Records drawn from a dataset:
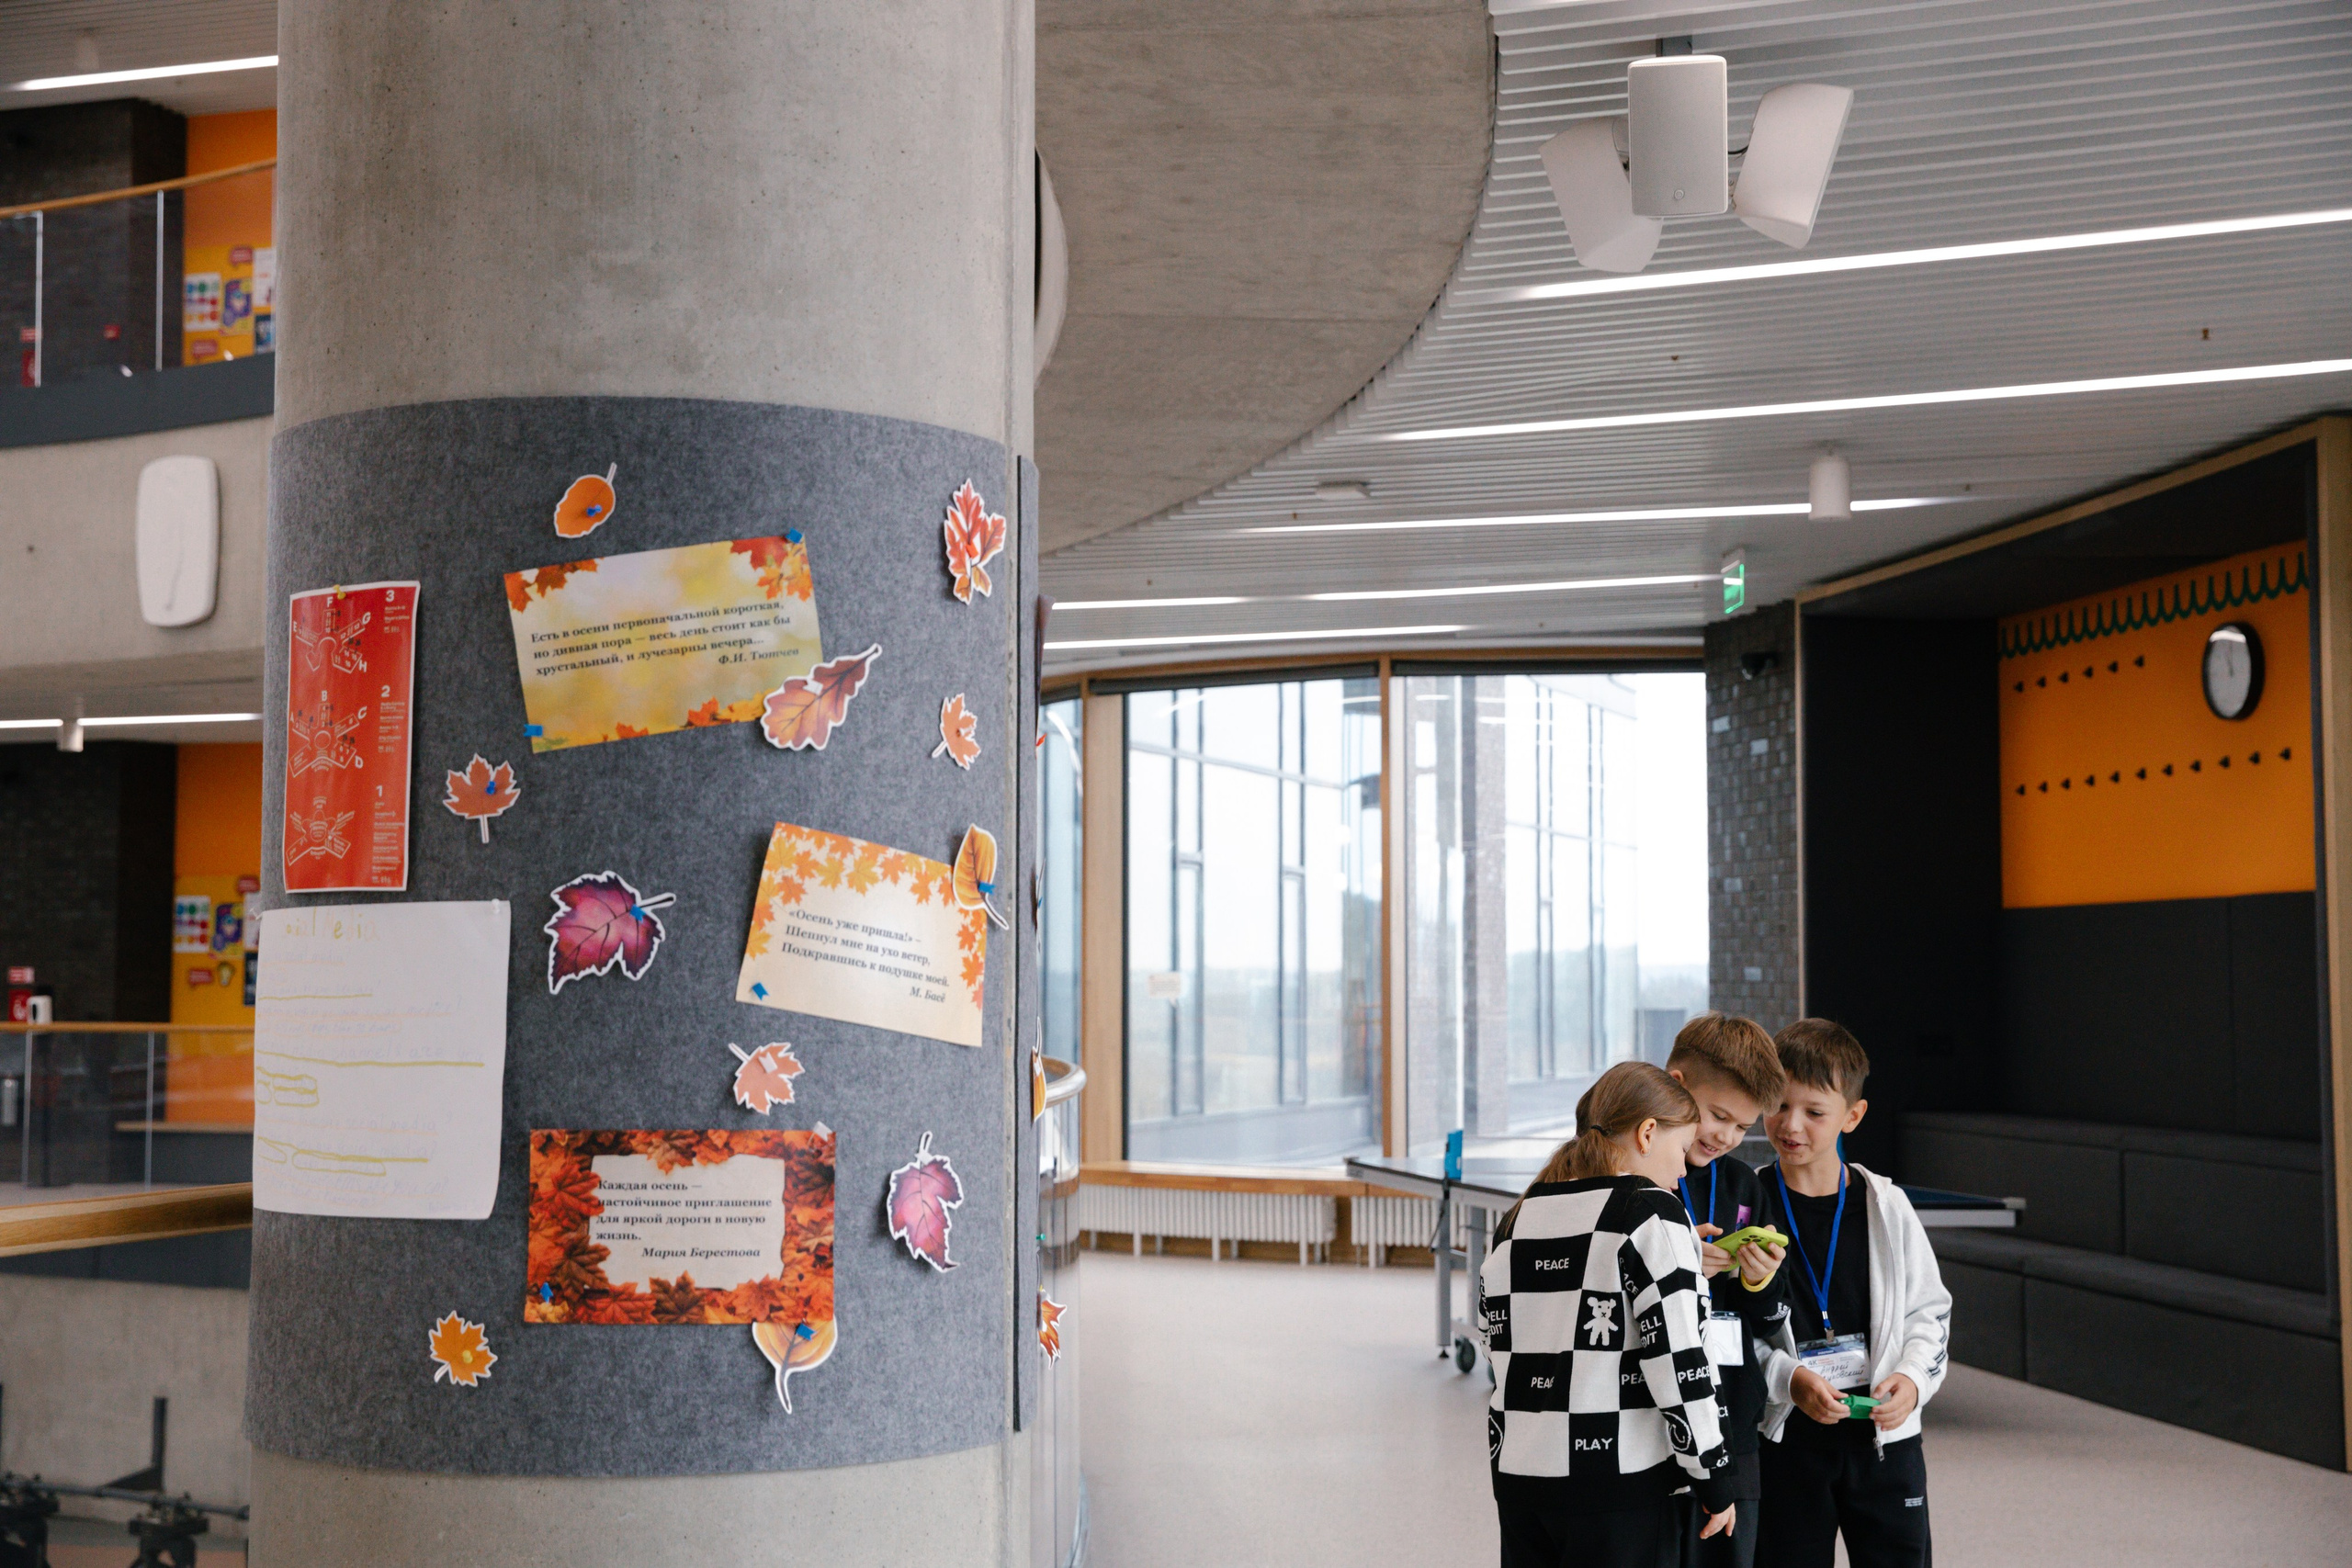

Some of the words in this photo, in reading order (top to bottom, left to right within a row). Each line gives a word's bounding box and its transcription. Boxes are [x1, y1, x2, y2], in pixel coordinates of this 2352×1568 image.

[326, 596, 333, 607] F
[386, 590, 395, 602] 3
[362, 612, 371, 625] G
[531, 633, 560, 643] Есть
[572, 625, 609, 636] осени
[613, 606, 719, 630] первоначальной
[723, 602, 785, 615] короткая,
[552, 643, 598, 657] дивная
[602, 637, 631, 649] пора
[649, 630, 676, 641] весь
[679, 626, 708, 638] день
[712, 622, 745, 633] стоит
[750, 618, 771, 628] как
[774, 615, 790, 625] бы
[536, 654, 623, 676] хрустальный,
[638, 643, 707, 660] лучезарны
[718, 653, 747, 665] Ф.И.
[751, 649, 799, 660] Тютчев
[358, 660, 368, 672] H
[322, 690, 327, 701] B
[380, 685, 390, 697] 2
[357, 705, 368, 719] C
[355, 755, 363, 769] D
[376, 784, 383, 797] 1
[789, 908, 833, 926] «Осень
[835, 919, 859, 931] уже
[861, 924, 912, 942] пришла!»
[786, 924, 838, 944] Шепнул
[841, 938, 864, 949] мне
[865, 944, 879, 953] на
[880, 946, 899, 957] ухо
[901, 951, 931, 966] ветер,
[782, 942, 867, 968] Подкравшись
[869, 962, 876, 970] к
[878, 964, 923, 980] подушке
[925, 974, 950, 987] моей.
[910, 986, 922, 998] М.
[924, 989, 946, 1003] Басё
[598, 1180, 648, 1191] Каждая
[651, 1182, 688, 1190] осень
[597, 1197, 682, 1207] настойчивое
[684, 1200, 772, 1210] приглашение
[596, 1215, 619, 1224] для
[623, 1213, 662, 1226] яркой
[665, 1216, 711, 1226] дороги
[725, 1216, 765, 1226] новую
[641, 1247, 686, 1259] Мария
[690, 1247, 761, 1259] Берестова
[1534, 1258, 1570, 1271] PEACE
[1677, 1365, 1710, 1384] PEACE
[1574, 1438, 1613, 1451] PLAY
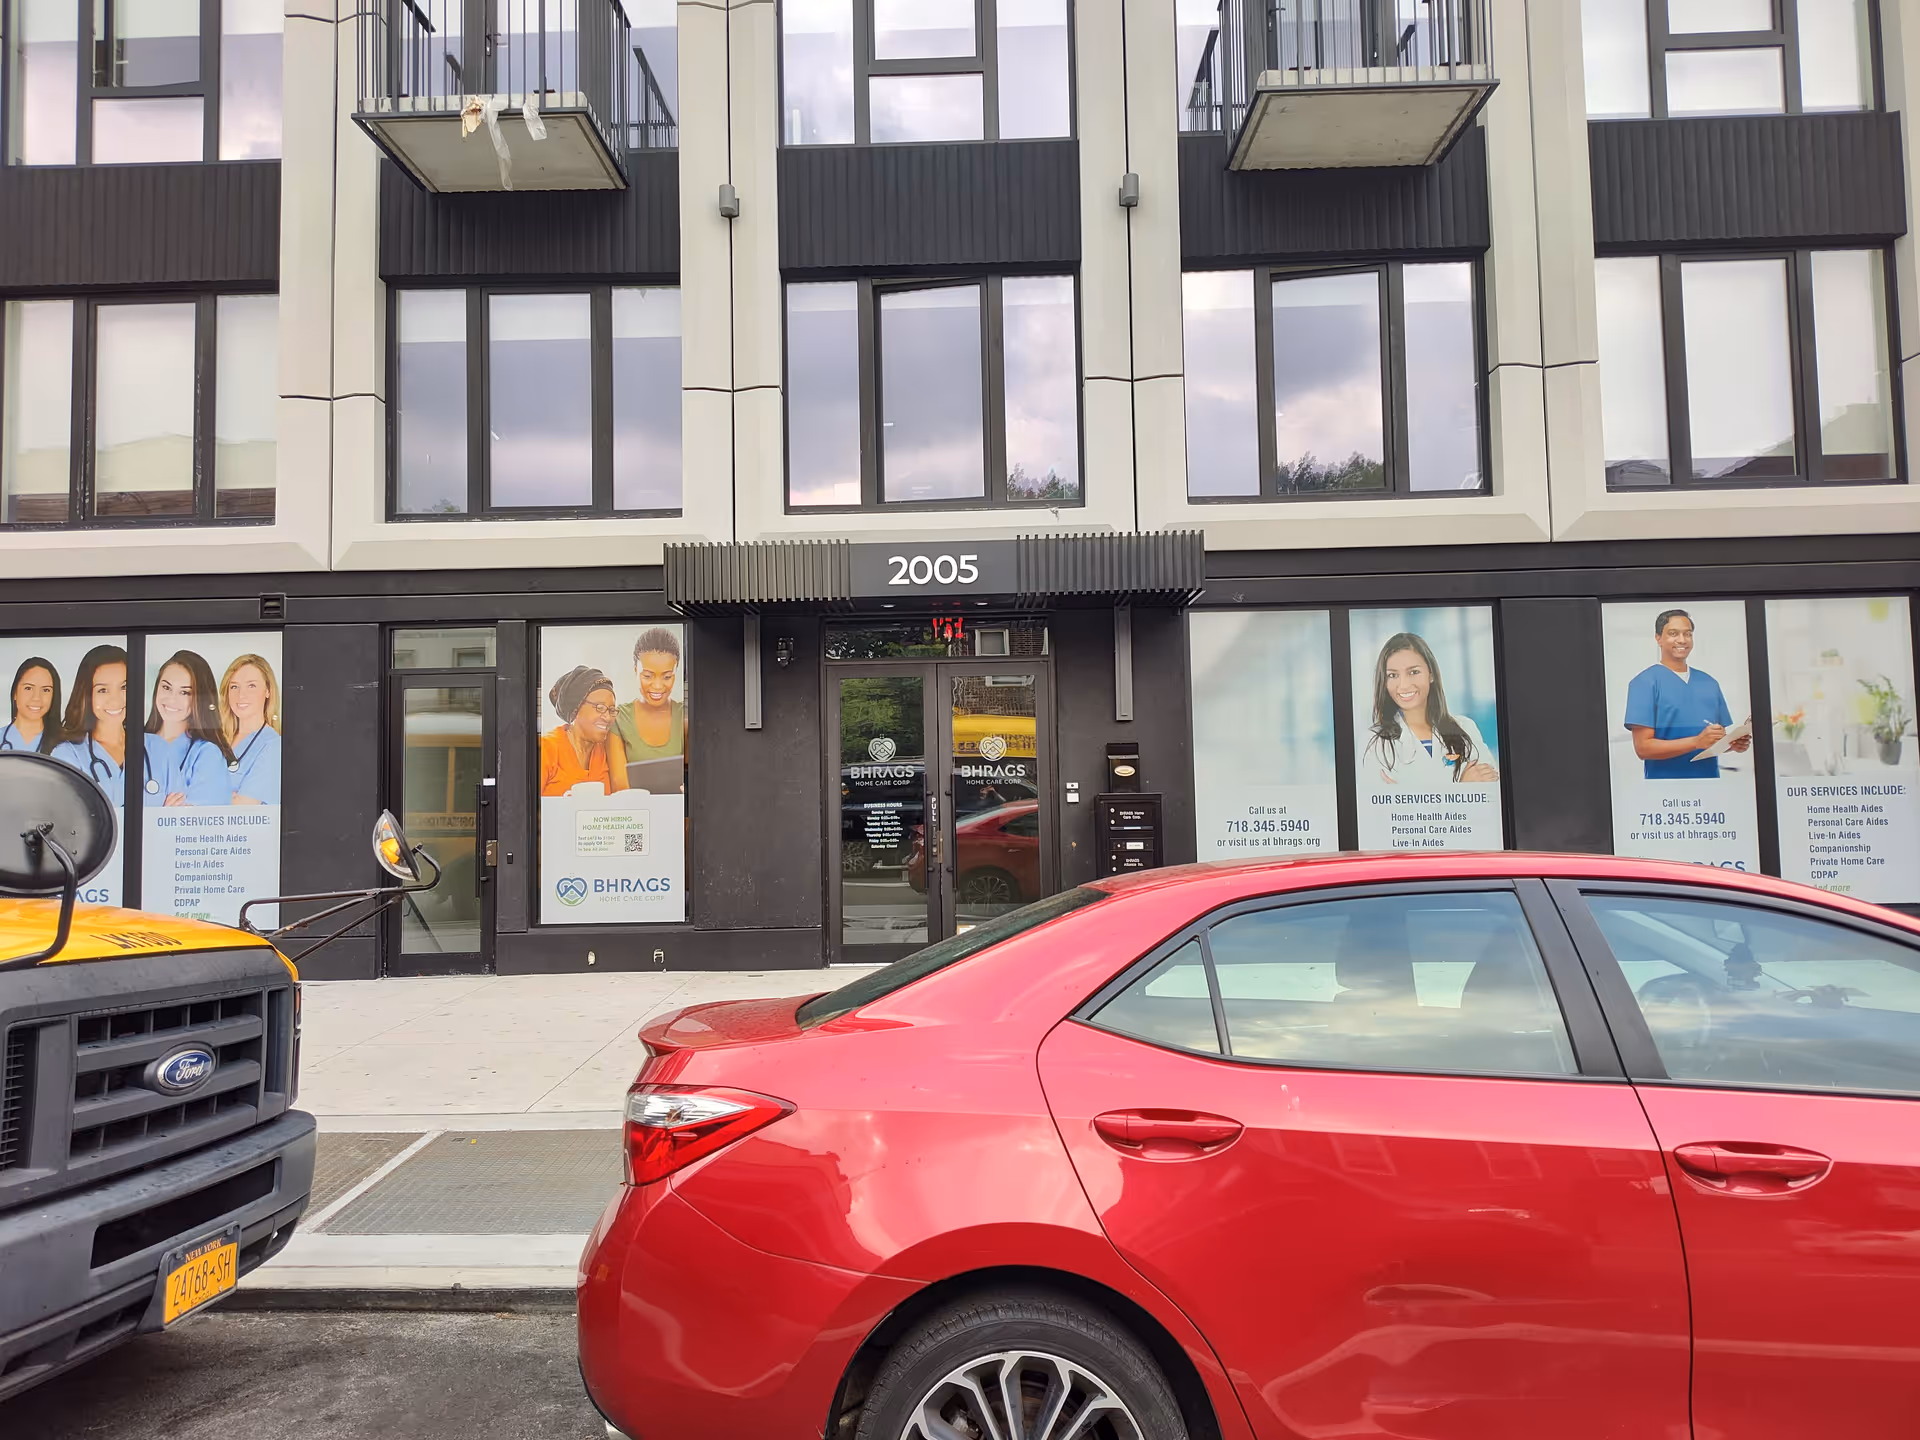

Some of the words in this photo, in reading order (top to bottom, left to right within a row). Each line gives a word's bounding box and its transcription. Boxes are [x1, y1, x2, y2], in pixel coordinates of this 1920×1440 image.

[888, 555, 979, 585] 2005
[851, 765, 915, 779] BHRAGS
[962, 764, 1025, 777] BHRAGS
[1787, 787, 1808, 797] OUR
[1811, 786, 1858, 796] SERVICES
[1860, 785, 1906, 796] INCLUDE:
[1372, 795, 1392, 805] OUR
[1395, 794, 1441, 804] SERVICES
[1662, 799, 1678, 808] Call
[1693, 799, 1701, 807] at
[1249, 806, 1264, 815] Call
[1279, 806, 1286, 814] at
[1807, 805, 1830, 814] Home
[1832, 804, 1859, 813] Health
[1861, 804, 1884, 813] Aides
[157, 817, 177, 827] OUR
[180, 816, 225, 826] SERVICES
[227, 815, 270, 825] INCLUDE:
[1391, 813, 1414, 821] Home
[1416, 812, 1442, 821] Health
[1445, 812, 1467, 821] Aides
[1640, 812, 1725, 826] 718.345.5940
[1227, 819, 1310, 832] 718.345.5940
[1808, 818, 1843, 827] Personal
[1845, 818, 1864, 826] Care
[1866, 817, 1888, 826] Aides
[1392, 826, 1426, 835] Personal
[1429, 825, 1447, 834] Care
[1450, 825, 1472, 833] Aides
[1630, 832, 1640, 840] or
[1642, 830, 1662, 840] visit
[1676, 830, 1685, 839] at
[1688, 830, 1736, 840] bhrags.org
[175, 835, 197, 843] Home
[199, 834, 224, 843] Health
[226, 834, 247, 842] Aides
[1808, 831, 1836, 840] Live-In
[1838, 831, 1861, 840] Aides
[1217, 839, 1226, 847] or
[1228, 838, 1248, 846] visit
[1262, 838, 1271, 846] at
[1273, 837, 1320, 847] bhrags.org
[1392, 839, 1420, 847] Live-In
[1422, 838, 1444, 847] Aides
[175, 847, 208, 856] Personal
[210, 847, 228, 855] Care
[230, 847, 251, 855] Aides
[1809, 844, 1871, 854] Companionship
[175, 860, 201, 869] Live-In
[203, 860, 225, 868] Aides
[1810, 857, 1838, 866] Private
[1841, 857, 1864, 866] Home
[1866, 856, 1885, 865] Care
[175, 873, 233, 882] Companionship
[1811, 870, 1838, 879] CDPAP
[174, 885, 201, 894] Private
[203, 885, 226, 894] Home
[228, 885, 245, 893] Care
[594, 878, 670, 892] BHRAGS
[174, 898, 200, 907] CDPAP
[175, 1057, 205, 1082] Ford
[185, 1246, 202, 1263] NEW
[203, 1238, 222, 1253] YORK

Exercise requirements: All of the entries above are to be duplicated exactly, with every image left out.

Exercise solution:
Some of the words in this photo, in reading order (top to bottom, left to right within a row). Each line gives a word's bounding box and its transcription. Boxes are [x1, y1, x2, y2], in pixel coordinates of this 2352×1568 image.

[326, 596, 333, 607] F
[386, 590, 395, 602] 3
[362, 612, 371, 625] G
[531, 633, 560, 643] Есть
[572, 625, 609, 636] осени
[613, 606, 719, 630] первоначальной
[723, 602, 785, 615] короткая,
[552, 643, 598, 657] дивная
[602, 637, 631, 649] пора
[649, 630, 676, 641] весь
[679, 626, 708, 638] день
[712, 622, 745, 633] стоит
[750, 618, 771, 628] как
[774, 615, 790, 625] бы
[536, 654, 623, 676] хрустальный,
[638, 643, 707, 660] лучезарны
[718, 653, 747, 665] Ф.И.
[751, 649, 799, 660] Тютчев
[358, 660, 368, 672] H
[322, 690, 327, 701] B
[380, 685, 390, 697] 2
[357, 705, 368, 719] C
[355, 755, 363, 769] D
[376, 784, 383, 797] 1
[789, 908, 833, 926] «Осень
[835, 919, 859, 931] уже
[861, 924, 912, 942] пришла!»
[786, 924, 838, 944] Шепнул
[841, 938, 864, 949] мне
[865, 944, 879, 953] на
[880, 946, 899, 957] ухо
[901, 951, 931, 966] ветер,
[782, 942, 867, 968] Подкравшись
[869, 962, 876, 970] к
[878, 964, 923, 980] подушке
[925, 974, 950, 987] моей.
[910, 986, 922, 998] М.
[924, 989, 946, 1003] Басё
[598, 1180, 648, 1191] Каждая
[651, 1182, 688, 1190] осень
[597, 1197, 682, 1207] настойчивое
[684, 1200, 772, 1210] приглашение
[596, 1215, 619, 1224] для
[623, 1213, 662, 1226] яркой
[665, 1216, 711, 1226] дороги
[725, 1216, 765, 1226] новую
[641, 1247, 686, 1259] Мария
[690, 1247, 761, 1259] Берестова
[1534, 1258, 1570, 1271] PEACE
[1677, 1365, 1710, 1384] PEACE
[1574, 1438, 1613, 1451] PLAY

Some of the words in this photo, in reading order (top to bottom, left to right within a row). Each line gives a word's bounding box and its transcription. Boxes are [x1, y1, x2, y2], in pixel coordinates of this 1920×1440 image.

[888, 555, 979, 585] 2005
[851, 765, 915, 779] BHRAGS
[962, 764, 1025, 777] BHRAGS
[1787, 787, 1808, 797] OUR
[1811, 786, 1858, 796] SERVICES
[1860, 785, 1906, 796] INCLUDE:
[1372, 795, 1392, 805] OUR
[1395, 794, 1441, 804] SERVICES
[1662, 799, 1678, 808] Call
[1693, 799, 1701, 807] at
[1249, 806, 1264, 815] Call
[1279, 806, 1286, 814] at
[1807, 805, 1830, 814] Home
[1832, 804, 1859, 813] Health
[1861, 804, 1884, 813] Aides
[157, 817, 177, 827] OUR
[180, 816, 225, 826] SERVICES
[227, 815, 270, 825] INCLUDE:
[1391, 813, 1414, 821] Home
[1416, 812, 1442, 821] Health
[1445, 812, 1467, 821] Aides
[1640, 812, 1725, 826] 718.345.5940
[1227, 819, 1310, 832] 718.345.5940
[1808, 818, 1843, 827] Personal
[1845, 818, 1864, 826] Care
[1866, 817, 1888, 826] Aides
[1392, 826, 1426, 835] Personal
[1429, 825, 1447, 834] Care
[1450, 825, 1472, 833] Aides
[1630, 832, 1640, 840] or
[1642, 830, 1662, 840] visit
[1676, 830, 1685, 839] at
[1688, 830, 1736, 840] bhrags.org
[175, 835, 197, 843] Home
[199, 834, 224, 843] Health
[226, 834, 247, 842] Aides
[1808, 831, 1836, 840] Live-In
[1838, 831, 1861, 840] Aides
[1217, 839, 1226, 847] or
[1228, 838, 1248, 846] visit
[1262, 838, 1271, 846] at
[1273, 837, 1320, 847] bhrags.org
[1392, 839, 1420, 847] Live-In
[1422, 838, 1444, 847] Aides
[175, 847, 208, 856] Personal
[210, 847, 228, 855] Care
[230, 847, 251, 855] Aides
[1809, 844, 1871, 854] Companionship
[175, 860, 201, 869] Live-In
[203, 860, 225, 868] Aides
[1810, 857, 1838, 866] Private
[1841, 857, 1864, 866] Home
[1866, 856, 1885, 865] Care
[175, 873, 233, 882] Companionship
[1811, 870, 1838, 879] CDPAP
[174, 885, 201, 894] Private
[203, 885, 226, 894] Home
[228, 885, 245, 893] Care
[594, 878, 670, 892] BHRAGS
[174, 898, 200, 907] CDPAP
[175, 1057, 205, 1082] Ford
[185, 1246, 202, 1263] NEW
[203, 1238, 222, 1253] YORK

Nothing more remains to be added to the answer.